In Kashmir, Kamini and her friends are stuck in a cabin on the hill due to heavy snowstorm at night. The cabin steward informs them that there is no food supply in the cabin or anywhere nearby, except for an army base, where only military personnel are allowed. Kamini somehow sneaks into the base to steal few supplies, where she hears Captain Ajit Kapoor (Shashi Kapoor) reciting poetry. She is caught stealing and a chase ensues. Ajit gets hold of Kamini and learns of her situation and assists her to get the supplies to the cabin with the help of the army camp. Kamini and Ajit are immediately smitten with each other. But, the group leaves the next morning before Ajit could learn her name. Back in Kanchan and Kamini's hometown, Baba receives news that his foster son is returning home for a visit, who is revealed to be Captain Ajit. After catching up, Baba brings up the topic of Ajit's marriage and says he knows just the girl. Ajit tells him about his meeting with the unknown girl in Kashmir, but agrees to see the girl for marriage, as he thinks Kamini is lost to him, just like a sweet dream. When he sees Kanchan, he mistakes her to be his lost love and agrees to the marriage in glee. Kanchan being the hopeless romantic she is, is overjoyed that he loves her as much. However, when Kamini makes it back from her trip she learns of her sister's marriage and wants to meet her prospective brother-in-law. Kamini and Ajit see each other and realize the misunderstanding and promptly informs Baba about it. Kanchan and Ajit's marriage is broken off and Kamini is enganged to Ajit instead.
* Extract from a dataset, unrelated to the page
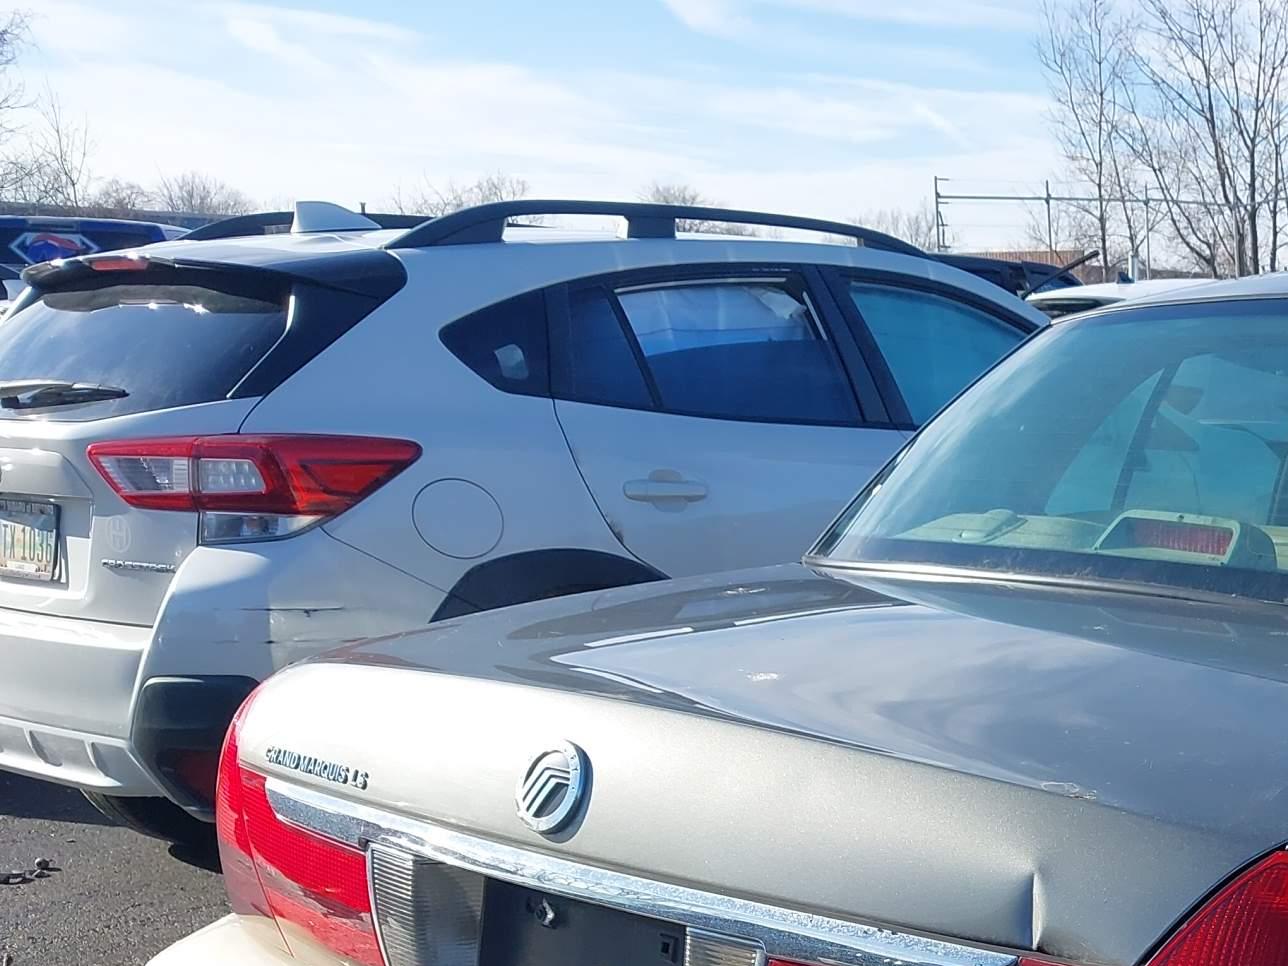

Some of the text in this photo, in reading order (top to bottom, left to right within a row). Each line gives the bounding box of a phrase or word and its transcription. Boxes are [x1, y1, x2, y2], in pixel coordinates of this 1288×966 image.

[265, 746, 369, 790] GRAND MARQUIS LS
A heartbroken Kanchan licks her wounds while Kamini and Ajit are in the bliss of love, counting down the days to their wedding. One day, on a date at the club pool, they run into Kamini's ex-lover, Kundan (Ranjeet). After Ajit fights him off, Kundan is summoned by his boss Tiger (Narendra Nath), a criminal mastermind, who berates him for going after love, which he believes is frivolous, but reassures him that he will get Kamini back for Kundan with the ulterior motive of using her for his ploys. However, blind with jealousy, Kundan lures Kamini to meet him by sending her a letter in the guise of Ajit. Kamini taken aback runs away from him as he blackmails and assaults her. Kamini finds a car to get away with but Kundan shoots at her. In the heat of the moment, Kamini runs over Kundan multiple times, killing him. A police car passes by while Kamini pretends to fix the car with the dead body beneath it. Thinking she is in the clear, Kamini drags Kundan's corpse into the car and escapes. The police car spots her speeding away and chases her. But, at the end of a blocked tunnel, Kamini loses control of the car, and by the time the cops arrive, they see her car barreling down the hillside into the river, bursting into flames.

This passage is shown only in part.